Revista Brasil Energia fala sobre pesquisa conduzida pela TI Safe, em que mais da metade das indústrias do setor revelou não possuir controle contra softwares maliciosos.
Expostas ao perigo
Empresas que compõem a chamada infraestrutura crítica, como o setor elétrico, não seguem recomendações internacionais de segurança cibernética e aumentam exposição ao risco
Por Gisele de Oliveira Publicado em 19/11/2018
As indústrias de infraestrutura crítica – que incluem as empresas do setor elétrico, de telecomunicações, de transportes e de abastecimento de água – não estão adequadas às recomendações internacionais de segurança cibernética, aumentando a exposição dos sistemas dessas companhias ao risco e às consequências de um ataque virtual por hackers. A constatação está na pesquisa “O estado da cibersegurança nas infraestruturas críticas brasileiras”, desenvolvida pela consultoria TI Safe, em parceria com a universidade gaúcha Unisinos.

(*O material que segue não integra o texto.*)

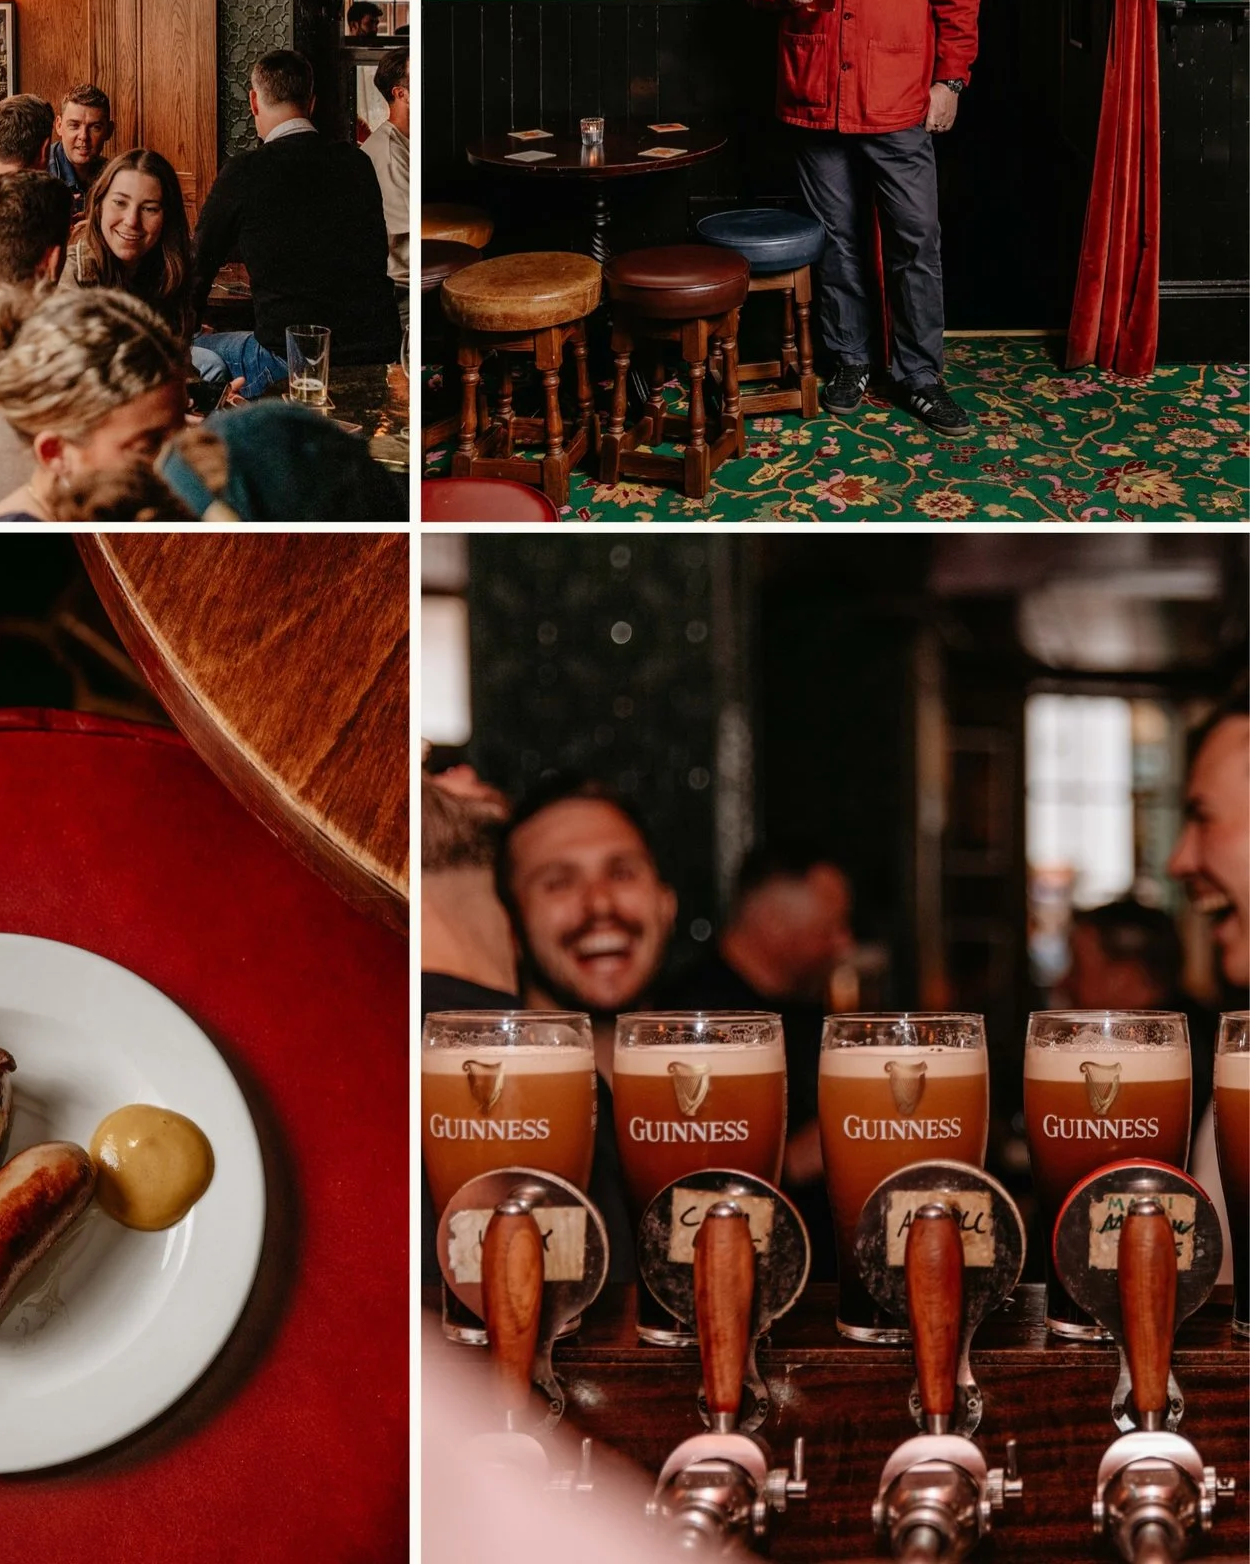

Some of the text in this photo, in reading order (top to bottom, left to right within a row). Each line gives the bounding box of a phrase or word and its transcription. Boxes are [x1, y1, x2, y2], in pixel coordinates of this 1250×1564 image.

[429, 1113, 550, 1140] GUINNESS
[628, 1116, 749, 1142] GUINNESS
[843, 1114, 962, 1141] GUINNESS
[1042, 1113, 1159, 1140] GUINNESS

Segundo o levantamento – que ouviu 40 empresas, entre estatais e privadas, do segmento de infraestrutura crítica -, mais da metade, ou 55,27% dos entrevistados não possui controle contra softwares maliciosos. Se possui, não é realizada a atualização periódica da base de dados desta solução, o que torna a área de automação suscetível à ataques cibernéticos.

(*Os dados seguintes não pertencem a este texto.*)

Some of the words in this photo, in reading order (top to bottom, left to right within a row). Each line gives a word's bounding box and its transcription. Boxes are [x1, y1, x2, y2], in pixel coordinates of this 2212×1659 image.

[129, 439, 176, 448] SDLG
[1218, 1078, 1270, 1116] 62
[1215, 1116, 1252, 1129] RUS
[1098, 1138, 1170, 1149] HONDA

Outro dado importante é que 84,20% afirmaram que não possuem política de segurança para a área de automação ou a política não está implementada. E apenas 13% das companhias garantem que contam com um plano de contingência para os casos de adversidade ou acidente.
A metodologia adotada para a pesquisa teve como base as recomendações de segurança do National Institute of Standards Technology e buscou identificar o nível de aderência de organizações responsáveis por infraestruturas críticas brasileiras que utilizam sistemas de controle industriais.
Entre os setores que compõem a chamada infraestrutura crítica, o setor elétrico é o mais visado. Os motivos que contribuem para essa exposição envolvem a grande interdependência sistêmica de sua operação e o alto volume de armazenamento de dados pessoais, com distribuição a clientes (pessoas físicas). Além isso, há ainda o fato de os ativos em operação no país serem antigos, exigindo substituição de tecnologias para melhoria operacional.
“A modernização das redes elétricas traz vários benefícios para a indústria, principalmente pela maior eficiência que ela oferece, mas também aumenta os riscos de ciberataques. E o risco de não ter uma rede segura gera um custo muito maior do que o investimento total em automação”, observa Marcelo Branquinho, CEO da TI Safe.